In his Pastoral letter on the dangers of godless communism (Pastirsko pismo o nevarnosti brezbožnega komunizma) on 30 November 1943 he urged Catholics to "fight godless communism" through prayers. Rožman wrote

I know that advocates of communism and some other blind Catholics will reproach me that I am meddling in politics in a pastoral letter, which isn't a matter for a bishop and doesn't appertain to the Church. But, dear believers, the battle against communism isn't political, but a religious matter, as it touches upon belief in God, one of the most basic truths of every faith, especially our Christian faith. To reject atheistic doctrines, to defend the truths of our global religion is a religious matter and a religious duty, that admits everyone with common sense. (Note: "Vem, da mi bodo zagovorniki komunizma in še nekateri zaslepljeni katoličani očitali, da se s tem pastirskim pismom vmešavam v politiko, kar ni zadeva škofa in kar ne spada v cerkev. Toda, predragi verniki, boj proti brezbožnemu komunizmu ni politika, ampak verska zadeva, saj se vendar tiče vere v Boga, torej najbolj osnovne resnice vsake vere, posebno še naše krščanske vere. Zavračati brezbožne nauke, braniti resnice naše svete vere je verska zadeva in verska dolžnost, to pač spozna vsak, ki ima zdravo pamet.")

In his Christmas message to the Slovene Home Guard in 1944, Rožman talked about shepherds in Bethlehem keeping watch over their flock in the fields and asked the Home Guard to take an example by them.
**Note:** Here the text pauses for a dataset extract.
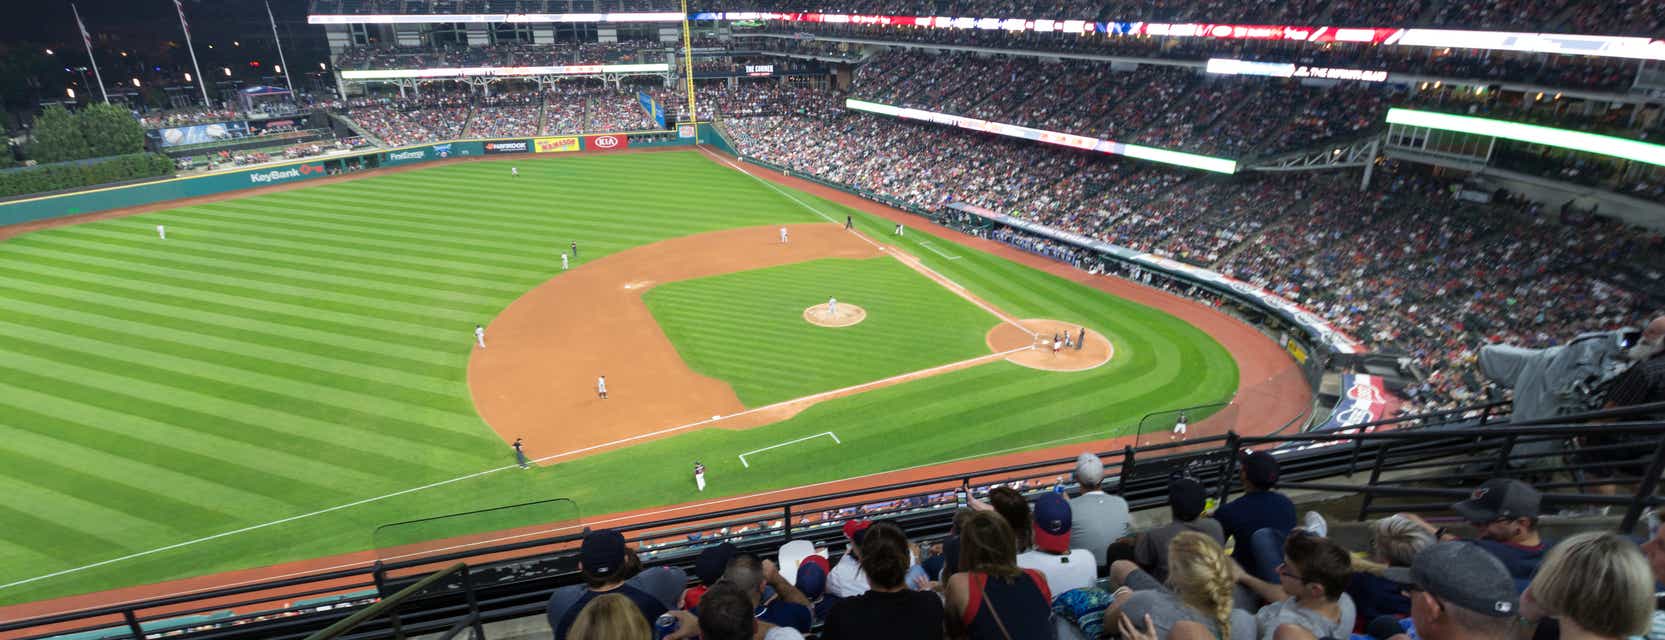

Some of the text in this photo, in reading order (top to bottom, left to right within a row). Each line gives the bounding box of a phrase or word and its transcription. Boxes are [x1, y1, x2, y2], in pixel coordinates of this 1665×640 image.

[745, 64, 774, 73] THE CORNER
[1310, 67, 1328, 78] THE
[250, 167, 300, 183] KeyBank
You are defending your nation against wolves and jackals who destroy lives and property of their own fellow-countrymen, against 'tenants, who do not care about their sheep', who are poisoning souls with foreign mentality of godless communism and through that they break down the spiritual foundations, on which all the spiritual wealth that we have in common with Christian Europe, has been built for centuries. (Note: "Vi branite svoj narod pred volkovi in šakali, ki uničujejo življenje in imetje svojim lastnim rojakom, pred »najemniki, ki jim za ovce ni skrb«, ki s tujo miselnostjo brezbožnega komunizma zastrupljajo duše in s tem rušijo duhovne temelje, na katerih je bilo v stoletjih zgrajeno vse, kar imamo duhovnega bogastva, skupnega s krščansko Evropo.")

===Interventions for prisoners===
Rožman intervened for detainees directly with the Italian authorities and via the Vatican. He reportedly attempted to protect deportees (to Serbia, Croatia and Germany), including clergymen, refugees, Serbs, Jews, prisoners of war, and others. He intervened 1318 times on behalf of at least 1210 individuals. (Note: This number is probably larger, as families for which he has intervened were counted as 3-member families, although families at that time normally had more than only three members)

He intervened for various groups (for example 350 priests, deported to Croatia by Germans or 1700 children in the Italian concentration camps) covering more than 2495 people. (Note: It is assumed that the groups, for which the number of persons is not known, together counted several hundred people) The bishop's secretary, Stanislav Lenič, testified that up to 50 petitioners came on a single day and that he helped them regardless of their political views. Among many documents a letter written by Gastone Gambarra, Commander of the Italian XI Army Corps, on 26 April 1943 documents that 122 internees were released because of his intervention. But the Italians noticed the bishop made no distinctions in his choices, so Grazioli ordered his subordinates to treat the bishop's interventions with no greater alacrity than those of anyone else, as the bishop had been purportedly intervening for the "unworthy".

Some of Rožman's interventions were made to gain officers for collaborationist forces. In his 12 September 1942 letter to the fascist general Robotti (quoted above), Rožman wrote that only "dependable" former Yugoslav officers, i.e. those willing to fight on the fascist side, should be released from Italian POW camps. The Italians followed Rozman's recommendations, releasing only "dependable" officers, while keeping all others in concentration camps. In the same letter Rožman proposed the fascist authorities create Slovene collaborationist units and Secret Police, to capture and turn over Slovenes to the Axis Forces, something both the Italians and Nazis implemented

In 1946, in Rome, Rožman himself told Bishop Joe B. Žabkar: "All the contacts I have had with the Italians, I sincerely regret. All of them. I have not achieved one thing, haven't rescued not one hostage, prevented not one deportation, saved not even one house from arson fire, eased not one single suffering. Nothing, absolutely nothing. They always promised me everything, but never gave me anything."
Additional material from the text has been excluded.